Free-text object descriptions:
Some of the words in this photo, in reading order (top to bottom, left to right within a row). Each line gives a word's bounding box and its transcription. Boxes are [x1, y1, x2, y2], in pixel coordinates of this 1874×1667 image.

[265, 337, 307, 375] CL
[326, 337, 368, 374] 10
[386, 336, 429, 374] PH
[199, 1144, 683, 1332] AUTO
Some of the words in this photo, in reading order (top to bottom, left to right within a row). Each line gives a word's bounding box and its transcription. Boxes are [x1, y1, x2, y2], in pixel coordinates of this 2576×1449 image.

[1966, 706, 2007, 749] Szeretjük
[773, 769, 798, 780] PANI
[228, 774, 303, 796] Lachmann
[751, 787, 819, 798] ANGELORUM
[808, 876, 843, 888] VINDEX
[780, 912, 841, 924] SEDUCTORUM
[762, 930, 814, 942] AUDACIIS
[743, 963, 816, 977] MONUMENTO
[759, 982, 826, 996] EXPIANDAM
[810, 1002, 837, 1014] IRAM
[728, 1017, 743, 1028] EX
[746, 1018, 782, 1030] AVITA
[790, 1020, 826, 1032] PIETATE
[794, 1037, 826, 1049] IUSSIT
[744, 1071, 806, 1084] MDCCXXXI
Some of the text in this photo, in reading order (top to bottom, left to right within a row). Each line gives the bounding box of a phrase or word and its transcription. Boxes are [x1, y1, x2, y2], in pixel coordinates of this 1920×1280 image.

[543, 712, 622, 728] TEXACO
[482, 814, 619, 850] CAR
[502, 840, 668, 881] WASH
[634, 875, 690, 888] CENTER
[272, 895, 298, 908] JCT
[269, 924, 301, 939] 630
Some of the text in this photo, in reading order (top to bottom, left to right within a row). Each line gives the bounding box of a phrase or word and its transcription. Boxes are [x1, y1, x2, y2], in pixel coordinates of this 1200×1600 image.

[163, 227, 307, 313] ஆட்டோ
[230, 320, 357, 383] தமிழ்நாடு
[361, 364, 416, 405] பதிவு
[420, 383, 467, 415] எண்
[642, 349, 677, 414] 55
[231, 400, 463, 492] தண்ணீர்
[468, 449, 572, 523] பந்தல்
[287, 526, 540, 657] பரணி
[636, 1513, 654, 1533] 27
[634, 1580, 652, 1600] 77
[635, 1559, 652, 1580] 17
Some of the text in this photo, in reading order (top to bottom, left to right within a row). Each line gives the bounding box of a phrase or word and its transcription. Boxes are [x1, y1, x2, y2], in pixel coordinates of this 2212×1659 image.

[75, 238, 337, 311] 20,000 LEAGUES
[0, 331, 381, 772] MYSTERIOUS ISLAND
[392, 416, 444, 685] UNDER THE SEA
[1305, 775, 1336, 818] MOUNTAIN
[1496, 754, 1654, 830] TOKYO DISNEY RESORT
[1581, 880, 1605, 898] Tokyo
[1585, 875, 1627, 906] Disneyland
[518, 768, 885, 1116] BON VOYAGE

TASK BRIEF | Starting at the line with "this 1200×1600 image.", copy each line through the end of the data, both ends included, and give nothing else.

SOLUTION |
Some of the text in this photo, in reading order (top to bottom, left to right within a row). Each line gives the bounding box of a phrase or word and its transcription. Boxes are [x1, y1, x2, y2], in pixel coordinates of this 1200×1600 image.

[163, 227, 307, 313] ஆட்டோ
[230, 320, 357, 383] தமிழ்நாடு
[361, 364, 416, 405] பதிவு
[420, 383, 467, 415] எண்
[642, 349, 677, 414] 55
[231, 400, 463, 492] தண்ணீர்
[468, 449, 572, 523] பந்தல்
[287, 526, 540, 657] பரணி
[636, 1513, 654, 1533] 27
[634, 1580, 652, 1600] 77
[635, 1559, 652, 1580] 17
Some of the text in this photo, in reading order (top to bottom, left to right within a row). Each line gives the bounding box of a phrase or word and its transcription. Boxes are [x1, y1, x2, y2], in pixel coordinates of this 2212×1659 image.

[75, 238, 337, 311] 20,000 LEAGUES
[0, 331, 381, 772] MYSTERIOUS ISLAND
[392, 416, 444, 685] UNDER THE SEA
[1305, 775, 1336, 818] MOUNTAIN
[1496, 754, 1654, 830] TOKYO DISNEY RESORT
[1581, 880, 1605, 898] Tokyo
[1585, 875, 1627, 906] Disneyland
[518, 768, 885, 1116] BON VOYAGE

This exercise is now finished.